Problem to solve: For the full listing below, write out each entry exactly and exclude the images.

____________________

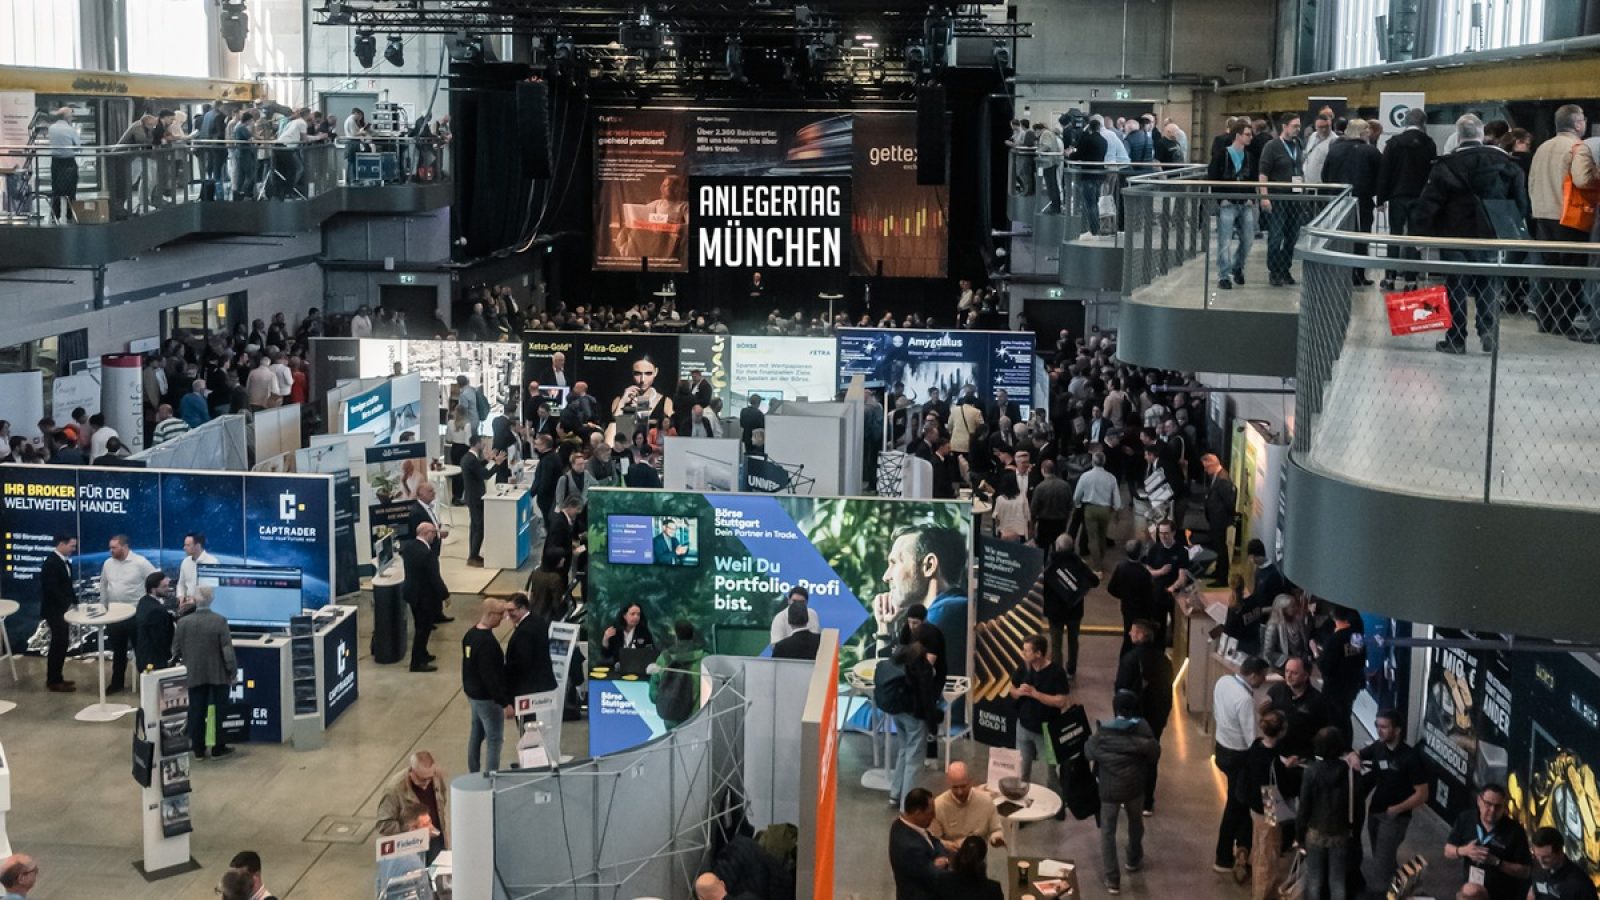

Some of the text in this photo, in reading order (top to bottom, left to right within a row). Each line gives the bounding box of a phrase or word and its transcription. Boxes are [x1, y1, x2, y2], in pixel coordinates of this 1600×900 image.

[699, 185, 841, 216] ANLEGERTAG
[699, 219, 841, 268] MÜNCHEN
[4, 483, 130, 500] IHR BROKER FÜR DEN
[4, 497, 127, 514] WELTWEITEN HANDEL
[715, 507, 743, 518] Börse
[714, 517, 760, 529] Stuttgart
[259, 526, 317, 537] CAPTRADER
[714, 528, 799, 540] Dein Partner in Trade.
[714, 556, 781, 574] Weil Du
[714, 594, 752, 612] bist.
[601, 691, 624, 700] Börse
[601, 699, 636, 709] Stuttgart
[979, 718, 1001, 730] GOLD

____________________

Finished task:
Some of the text in this photo, in reading order (top to bottom, left to right within a row). Each line gives the bounding box of a phrase or word and its transcription. Boxes are [x1, y1, x2, y2], in pixel coordinates of this 1600×900 image.

[699, 185, 841, 216] ANLEGERTAG
[699, 219, 841, 268] MÜNCHEN
[4, 483, 130, 500] IHR BROKER FÜR DEN
[4, 497, 127, 514] WELTWEITEN HANDEL
[715, 507, 743, 518] Börse
[714, 517, 760, 529] Stuttgart
[259, 526, 317, 537] CAPTRADER
[714, 528, 799, 540] Dein Partner in Trade.
[714, 556, 781, 574] Weil Du
[714, 594, 752, 612] bist.
[601, 691, 624, 700] Börse
[601, 699, 636, 709] Stuttgart
[979, 718, 1001, 730] GOLD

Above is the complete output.